It won´t be a “free” consultation either. It is made according to the time and conditions defined by the federal authorities, not for the peoples, which “customs and habits” are being quickly adjusted to the demands of the process. It won´t be an “informed” exercise. The presentation has a clear bureaucratic mark, with incomprehensible terms for ordinary people and formats typical of a promotional flyer. During the meetings, the expositions are accompanied with clientele suggestions, in order to incorporate some of the projects that the communities had demanded a long time ago, therefore facilitating a positive answer. [2]

The most awful thing about this consultation is that it only “informs” about the government’s program so that the people take it or leave it without presenting options. The only way of make this consultation valid is allowing the people to choose what they really want.

The operators of the mechanism of civic participation will give good news to the president by the end of the month. He would “win” another one. They will affirm with all cynicism and ignorance, that the program it is made with civic participation and in accordance with the principle of “mandar obedeciendo” [3] (to govern obeying). The result will be used as “proof” that the peoples just want to access the forms of capitalism that prevail in the north, leaving behind their “underdevelopment”, as some of the organic intellectuals of the new government affirm.

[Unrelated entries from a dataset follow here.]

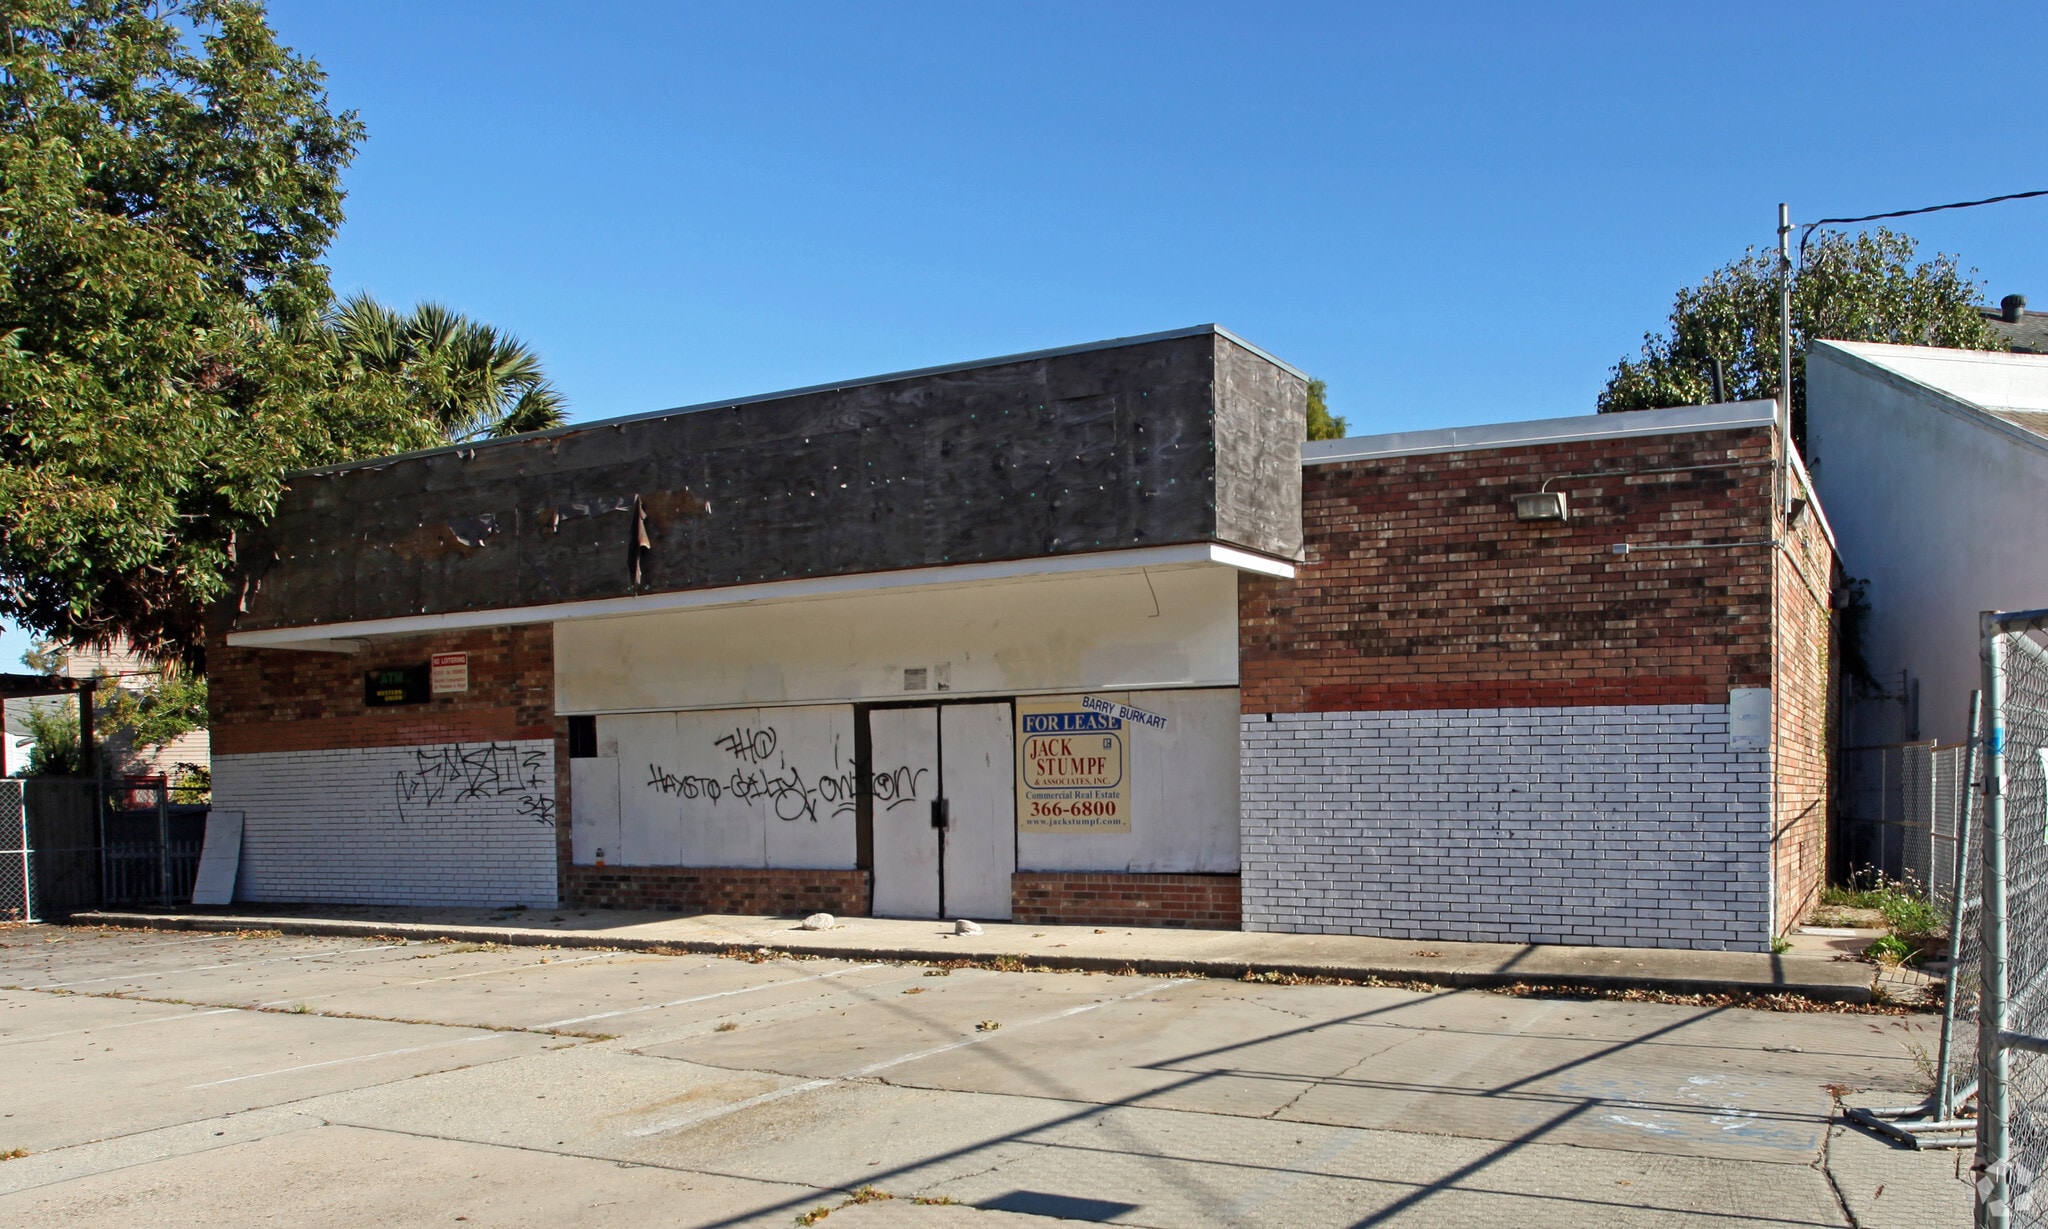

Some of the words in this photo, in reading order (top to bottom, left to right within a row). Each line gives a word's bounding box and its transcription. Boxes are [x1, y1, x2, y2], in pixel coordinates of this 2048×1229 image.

[381, 672, 404, 684] ATM
[1082, 696, 1115, 714] BARRY
[1119, 706, 1167, 729] BURKART
[1026, 715, 1060, 732] FOR
[1063, 714, 1119, 731] LEASE
[1030, 738, 1073, 760] JACK
[1037, 757, 1107, 776] STUMPF
[1042, 778, 1093, 786] ASSOCIATES,
[1093, 777, 1111, 785] INC.
[1025, 791, 1073, 800] Commercial
[1074, 790, 1093, 799] Real
[1095, 790, 1120, 799] Estate
[1030, 801, 1116, 817] 366-6800
[1026, 818, 1121, 827] www.jackstumpf.com

Now comes the answer of the peoples. It has already been announced in Guelatao, when the people AMLO drove-in (acarreados) surpassed the locals to honor Benito Juárez. He will not wait.

NOTES:

[1] According to reports in the press, the Development Program for the Isthmus of Tehuantepec, aka the Trans-Isthmus Corridor, is a project to revitalize the existing single-track railroad between the port of Coatzacoalcos (Veracruz) and the port of Salina Cruz (Oaxaca). The existing railroad would be upgraded to a high-speed railroad with two tracks that would carry freight between the Gulf of Mexico and the Pacific Ocean, thus providing a Panama Canal-lite and facilitating trade with China. Both ports are designated Special Economic Zones, tax-free zones for trans-oceanic commerce. The Mexican government believes that this mega-project would promote “development” in the region and provide jobs, not only for the local population, but also for migrants from Central America.

[2] See the CNI-CIG and the EZLN’s communiqué about the referendum here.

[3] Mandar obedeciendo is a set of principles for governing and leadership that are practiced by the CNI-CIG and the EZLN.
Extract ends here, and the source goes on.